TASK DIRECTIONS: Each line of the data must be copied exactly.
---+---
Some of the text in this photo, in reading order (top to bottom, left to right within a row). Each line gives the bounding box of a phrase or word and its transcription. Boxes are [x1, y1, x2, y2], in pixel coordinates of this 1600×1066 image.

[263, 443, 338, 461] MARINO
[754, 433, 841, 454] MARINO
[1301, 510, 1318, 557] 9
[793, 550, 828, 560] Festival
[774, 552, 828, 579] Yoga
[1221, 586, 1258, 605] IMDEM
---+---
RESULT OF THE EXERCISE:
Some of the text in this photo, in reading order (top to bottom, left to right within a row). Each line gives the bounding box of a phrase or word and its transcription. Boxes are [x1, y1, x2, y2], in pixel coordinates of this 1600×1066 image.

[263, 443, 338, 461] MARINO
[754, 433, 841, 454] MARINO
[1301, 510, 1318, 557] 9
[793, 550, 828, 560] Festival
[774, 552, 828, 579] Yoga
[1221, 586, 1258, 605] IMDEM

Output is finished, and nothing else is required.